Decentralisation has to some extent allowed for greater public participation in political processes, challenging dominant political discourses and unshaking the hegemony of traditional elites. It has also better accommodated for Indonesia’s immense linguistic, cultural and ethnic diversity.

The rise of Joko Widodo from the mayor of Solo and then Jakarta to the Presidency in 2014 is emblematic of the desired impact of decentralisation — widening the playing field of those who can participate in political life. Unlike many of Indonesia’s traditional political elite Jokowi is from humble beginnings, having attended a working class school and worked in his father’s furniture workshop as a young man.

The creation of little kings
Despite its critical role in helping achieve genuinely representative government in Indonesia, decentralisation has simultaneously seen a rise in corruption among local leaders or bupatis (which translates from Bahasa Indonesia as ‘regent’). Authorities take advantage of fiscal independence and inadequate oversight to abuse their power for personal gain. This is particularly the case in terms of the exploitation of natural resources.

Under Suharto, many resource-rich communities in Kalimantan, Sumatra and elsewhere were left impoverished as the benefits of their local economies flowed back to Jakarta. Decentralisation was initially seen as an opportunity to remedy this problem and mitigated local anger about the central government’s plunder of their regions.

Yet this has rarely happened. By empowering local officials, political devolution has often reinforced traditional elites who are regressive, anti-democratic and corrupt. With their unchecked, despotic rule, bupatis have been referred to by some commentators as ‘little kings’. They feel empowered to ignore national regulations and the courts that enforce them.

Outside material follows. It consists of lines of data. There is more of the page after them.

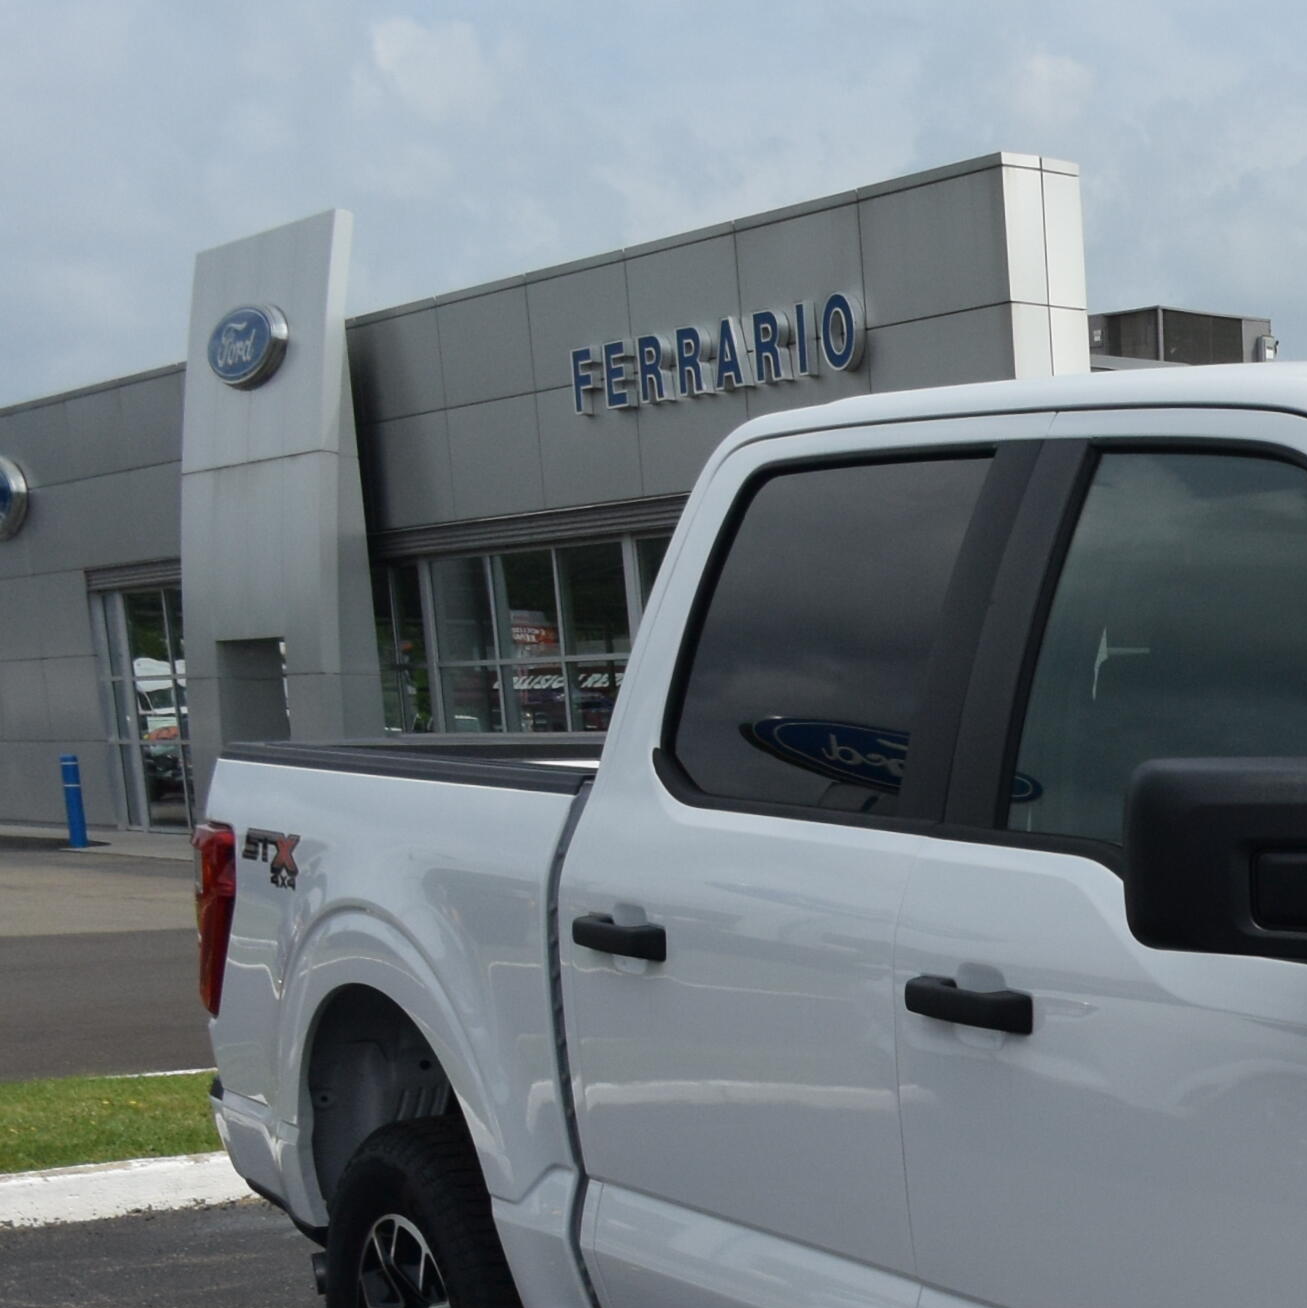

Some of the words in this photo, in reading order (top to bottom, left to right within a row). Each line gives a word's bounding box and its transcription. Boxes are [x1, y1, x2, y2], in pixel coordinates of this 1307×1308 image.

[216, 320, 256, 368] Ford
[570, 293, 862, 416] FERRARIO
[242, 827, 301, 877] STX
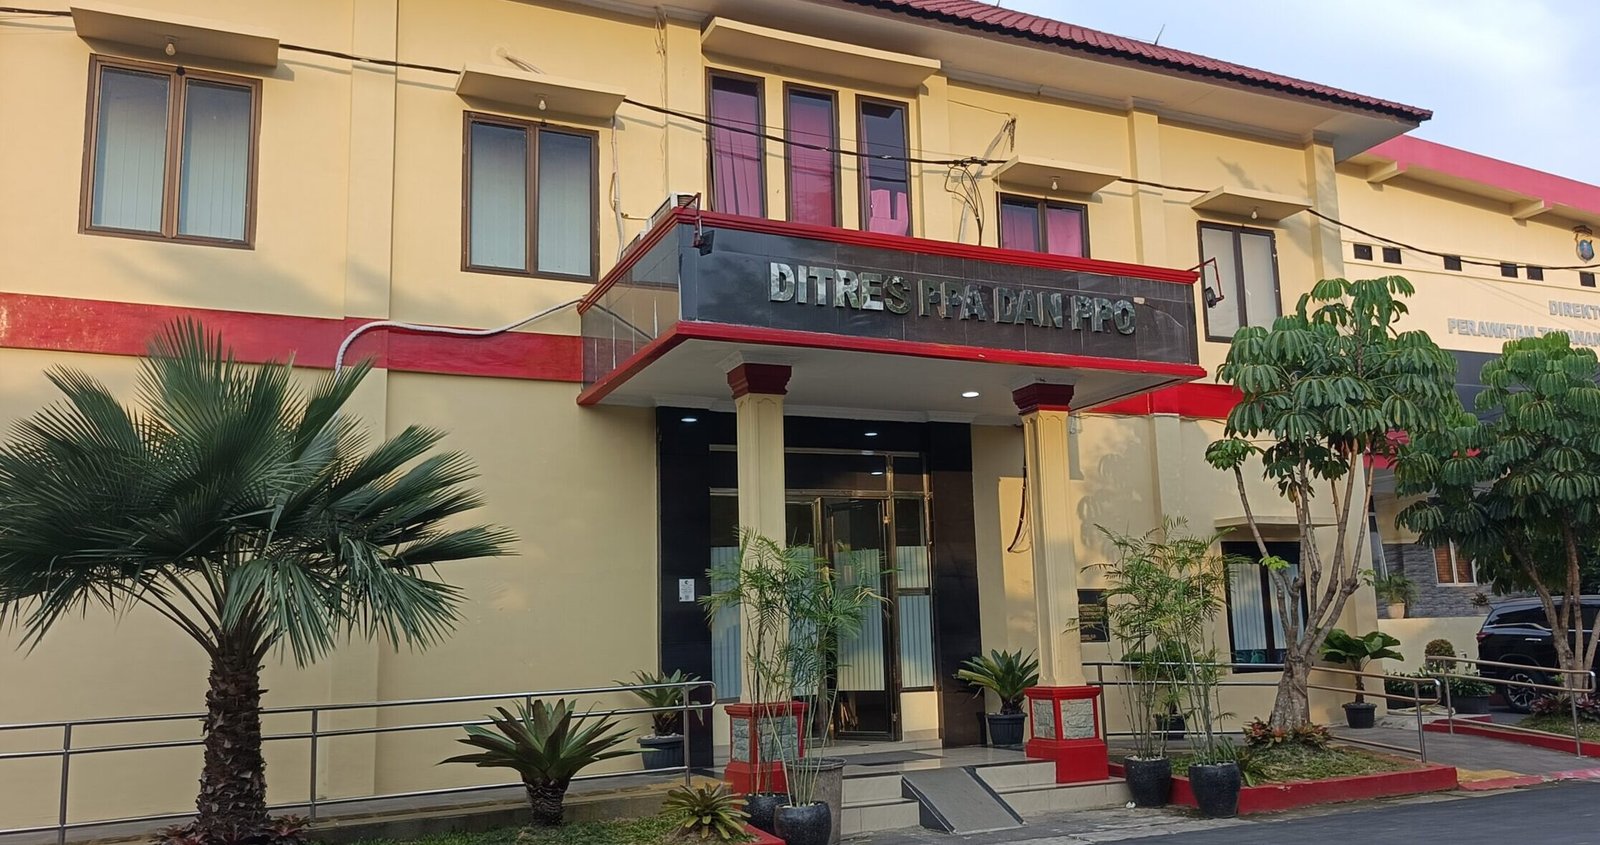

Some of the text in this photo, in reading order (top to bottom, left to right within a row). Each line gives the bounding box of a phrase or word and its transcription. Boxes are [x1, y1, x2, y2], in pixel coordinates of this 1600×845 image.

[769, 262, 1136, 335] DITRES PPA DAN PPO
[1548, 300, 1600, 320] DIREKT
[1447, 318, 1535, 339] PERAWATAN

For example, former President Susilo Bambang Yudhoyono introduced a moratorium on deforestation in 2010 that was extended to last four years. But noncompliant, corrupt local governments have meant that the problem of illegal logging only became worse over this period.

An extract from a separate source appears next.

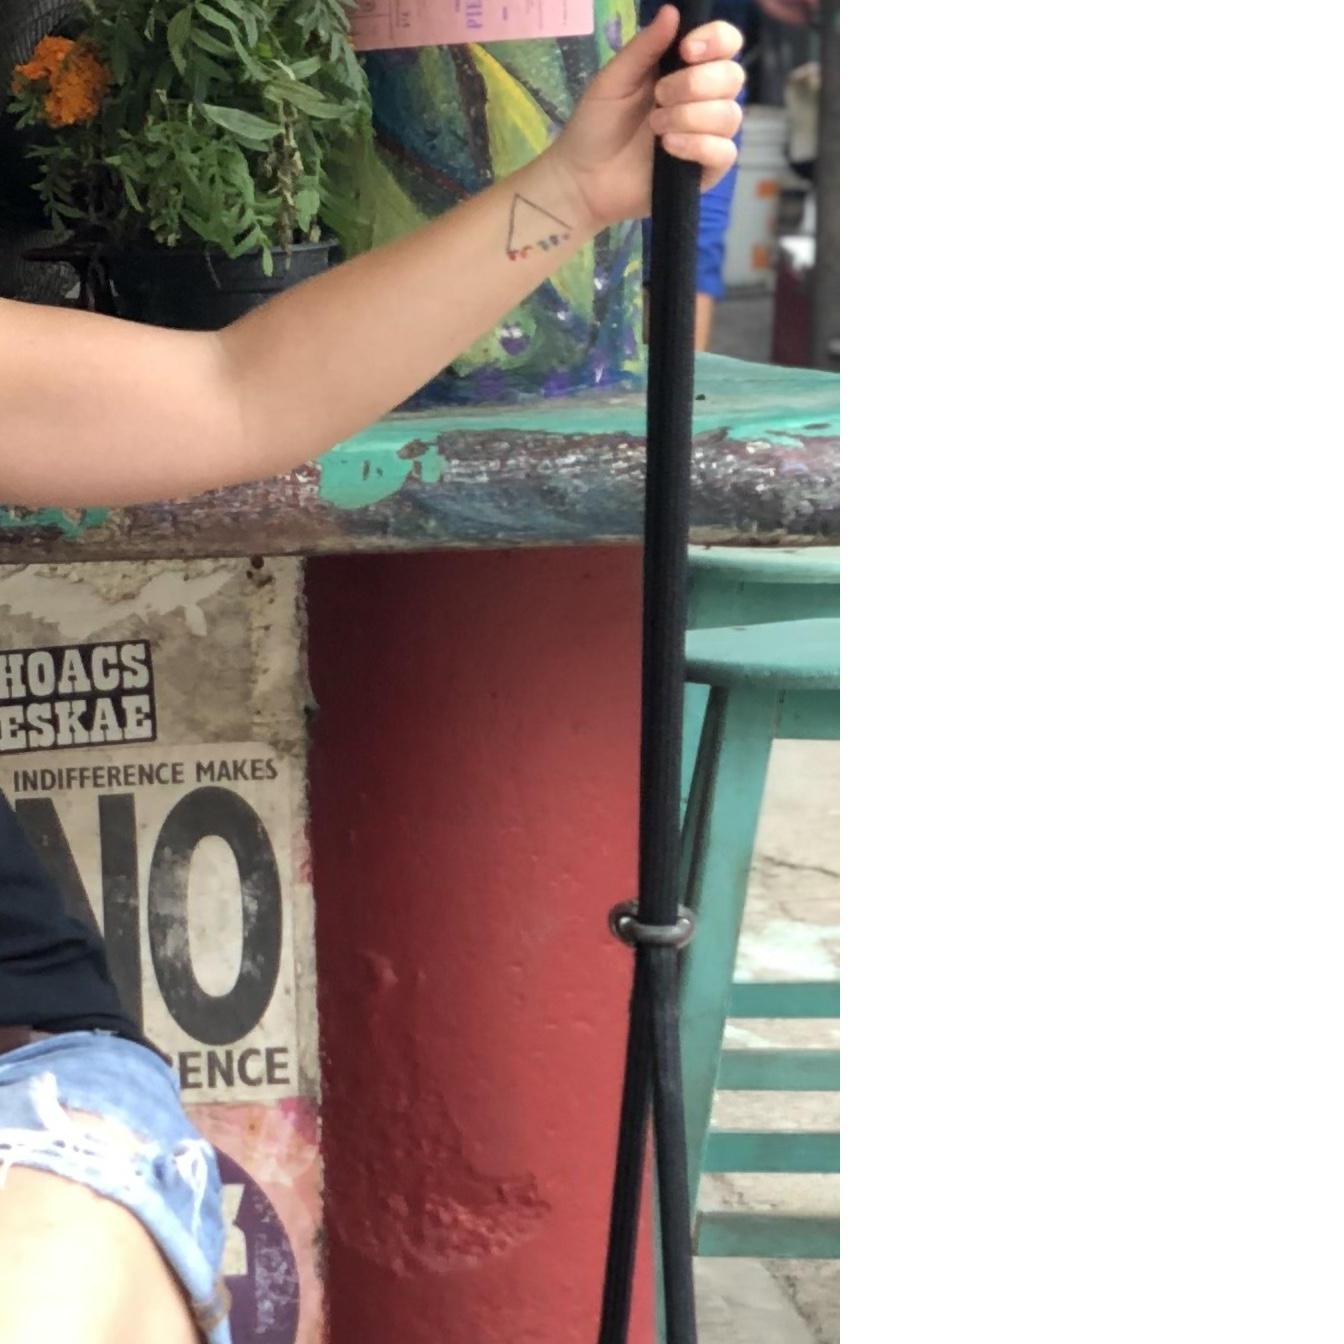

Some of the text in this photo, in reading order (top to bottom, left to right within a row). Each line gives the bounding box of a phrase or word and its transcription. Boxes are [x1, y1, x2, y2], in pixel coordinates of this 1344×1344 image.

[14, 759, 279, 793] INDIFFERENCE MAKES
[162, 1047, 291, 1090] ENCE

Many local authorities are close to large palm oil companies who are responsible for the slash-and-burn techniques that create the toxic peat forest fires. Flawed campaign financing legislation for local elections necessitates alternative sources of income and thus encourages corruption.

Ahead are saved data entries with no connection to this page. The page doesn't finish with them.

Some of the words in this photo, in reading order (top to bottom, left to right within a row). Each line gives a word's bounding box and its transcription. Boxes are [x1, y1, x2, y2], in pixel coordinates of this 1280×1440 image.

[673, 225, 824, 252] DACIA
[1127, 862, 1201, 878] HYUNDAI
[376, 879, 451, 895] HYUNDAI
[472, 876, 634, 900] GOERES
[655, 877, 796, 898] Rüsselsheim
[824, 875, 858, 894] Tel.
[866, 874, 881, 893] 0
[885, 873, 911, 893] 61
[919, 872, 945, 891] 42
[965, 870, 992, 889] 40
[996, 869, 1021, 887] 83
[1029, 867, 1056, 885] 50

As the economist Michael Rock has noted, decentralisation has democratised corruption — more actors are able to engage in graft.

Political change as a fire blanket
Human Rights Watch has called for drastic improvements in the governance of Indonesia’s timber industry – particularly in regards to enforcing forestry and anti-corruption laws.

Local officials must be held to account for corrupt conduct. They must be forced to comply with national legislation, with strict penalties for disobedience.

The excessive power held by local bupatis must be brought into check. The health of Indonesia’s democracy, economy, environment, reputation and citizens desperately depends on it.

Max Walden is a Sydney-based researcher who has worked in the education and community sectors in Australia and Indonesia.